Retrovirale Vektoren integrieren zufällig an verschiedenen Orten im Genom der Zellen. Die Integrationsstellen sind von Zelle zu Zelle verschieden und für jede einzelne transduzierte Zelle spezifisch. Da die Vektoren stabil in das Genom einer Zelle integrieren, besitzen alle Zellen, die durch Zellteilungen aus einer transduzierten Zelle entstehen, die gleiche spezifische Integrationsstelle des retroviralen Vektors und können auf diese Weise als Klon identifiziert werden (Kustikova et al. 2008). Mit Hilfe der LM-PCR können die spezifischen Integrationsstellen der Vektoren identifiziert werden.

Die Klonalität des FH-hTERT-Tumors wurde in der vorliegenden Arbeit zusätzlich mit Hilfe der LM-PCR bestimmt. Hierdurch sollte die RGB-Markierung als Methode zur Identifikation von Zellklonen bestätigt werden. In einer DNA-Probe des Tumors konnte nach der LM-PCR eine spezifische Integrationsstelle eines lentiviralen Vektors identifiziert werden.

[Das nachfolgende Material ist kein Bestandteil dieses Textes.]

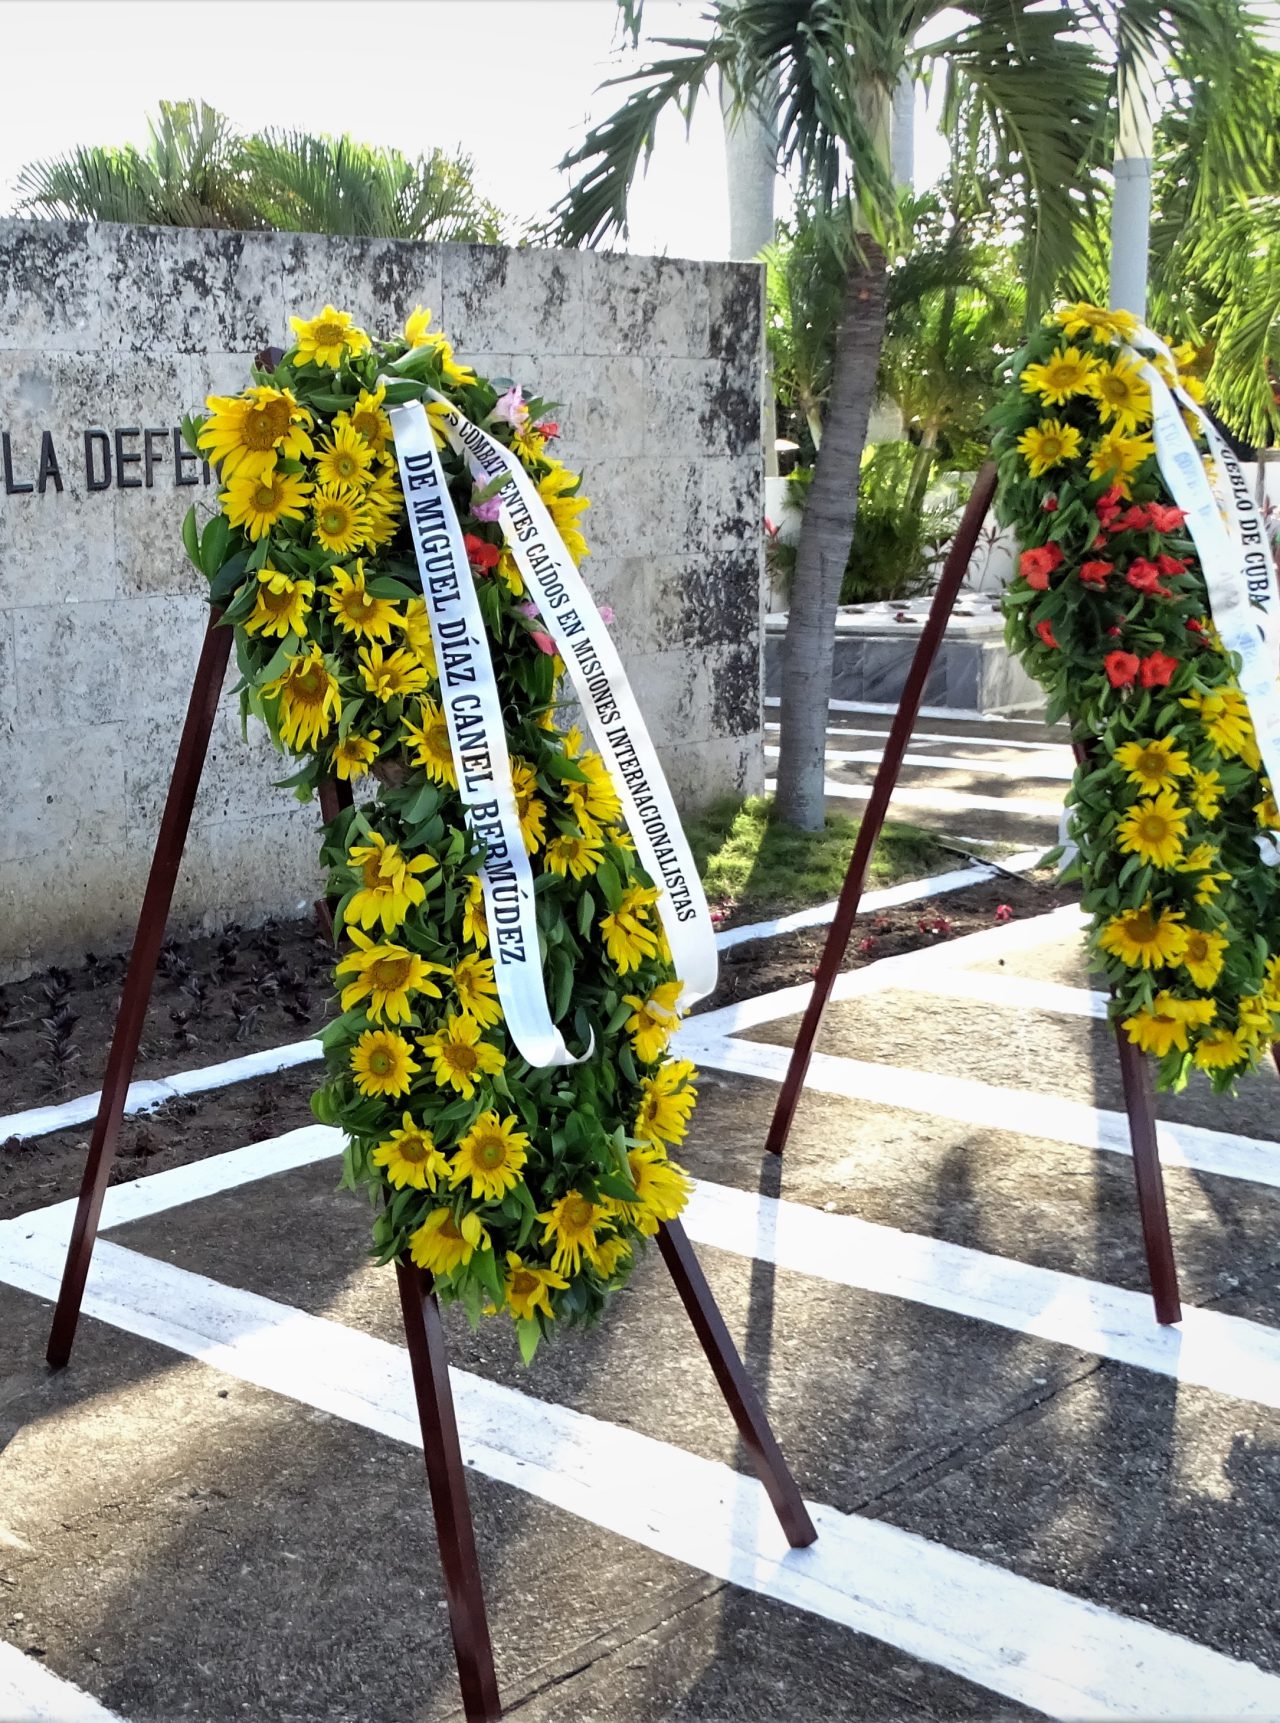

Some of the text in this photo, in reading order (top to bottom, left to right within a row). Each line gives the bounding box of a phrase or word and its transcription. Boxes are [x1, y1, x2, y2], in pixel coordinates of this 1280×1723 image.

[1, 429, 63, 495] LA
[1215, 436, 1253, 512] UEBLO
[1239, 518, 1261, 546] DE
[403, 451, 528, 965] DE MIGUEL DÍAZ CANEL BERMÚDEZ
[459, 422, 696, 922] COMBATENTES CAÍDOS EN MISIONES INTERNACIONALISTAS

Die Vektorintegration ließ sich auf dem langen Arm des Chromosoms 5 lokalisieren. Zusätzlich konnte in zwei weiteren Arealen des Tumors mit Hilfe einer verschachtelten (nested)-PCR nachgewiesen werden, dass auch hier die Zellen die gleiche spezifische Integrationsstelle besaßen. Somit konnte gezeigt werden, dass der Tumor tatsächlich - wie auf Basis der RGB-Markierung bereits vermutet - aus einer einzelnen transduzierten Zelle entstanden ist. Die RGB-Markierung als Methode zur Identifikation von Zellklonen konnte hier durch eine zweite unabhängige Methode zur Beurteilung der Klonalität bestätigt werden.

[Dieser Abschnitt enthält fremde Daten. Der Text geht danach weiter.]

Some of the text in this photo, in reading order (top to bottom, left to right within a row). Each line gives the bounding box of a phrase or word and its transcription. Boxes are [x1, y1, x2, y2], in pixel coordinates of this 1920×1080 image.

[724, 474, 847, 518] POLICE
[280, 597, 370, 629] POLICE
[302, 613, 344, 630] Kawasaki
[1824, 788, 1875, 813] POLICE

An dieser Stelle muss jedoch erwähnt werden, dass mit Hilfe der LM-PCR und der nested-PCR nicht hundertprozentig ausgeschlossen werden konnte, ob sich innerhalb des Tumors noch weitere kleine Zellklone befanden. Die Sensivität der LM-PCR ist relativ limitiert.

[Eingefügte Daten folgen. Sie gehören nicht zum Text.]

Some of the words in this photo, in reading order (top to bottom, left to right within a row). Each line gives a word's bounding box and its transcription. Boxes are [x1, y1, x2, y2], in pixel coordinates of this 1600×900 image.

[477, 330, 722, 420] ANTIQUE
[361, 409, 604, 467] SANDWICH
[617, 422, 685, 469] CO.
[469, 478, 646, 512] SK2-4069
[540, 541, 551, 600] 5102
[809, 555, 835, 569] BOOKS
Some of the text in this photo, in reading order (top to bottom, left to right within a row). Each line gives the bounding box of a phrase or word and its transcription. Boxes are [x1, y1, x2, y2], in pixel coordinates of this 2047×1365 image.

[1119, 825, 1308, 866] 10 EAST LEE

Zellklone, die aus wenigen Zellen bestehen, können mit dieser Methode kaum nachgewiesen werden (Kustikova et al. 2008).

Hier wird ein Vorteil der Markierung gegenüber der LM-PCR deutlich: Die RGB-Markierung erlaubt auch eine Identifikation von Klonen, die aus wenigen Zellen bestehen.

Sogar Einzelzellklone können an Hand ihrer unterschiedlichen Fluoreszenzfarbe unterschieden werden.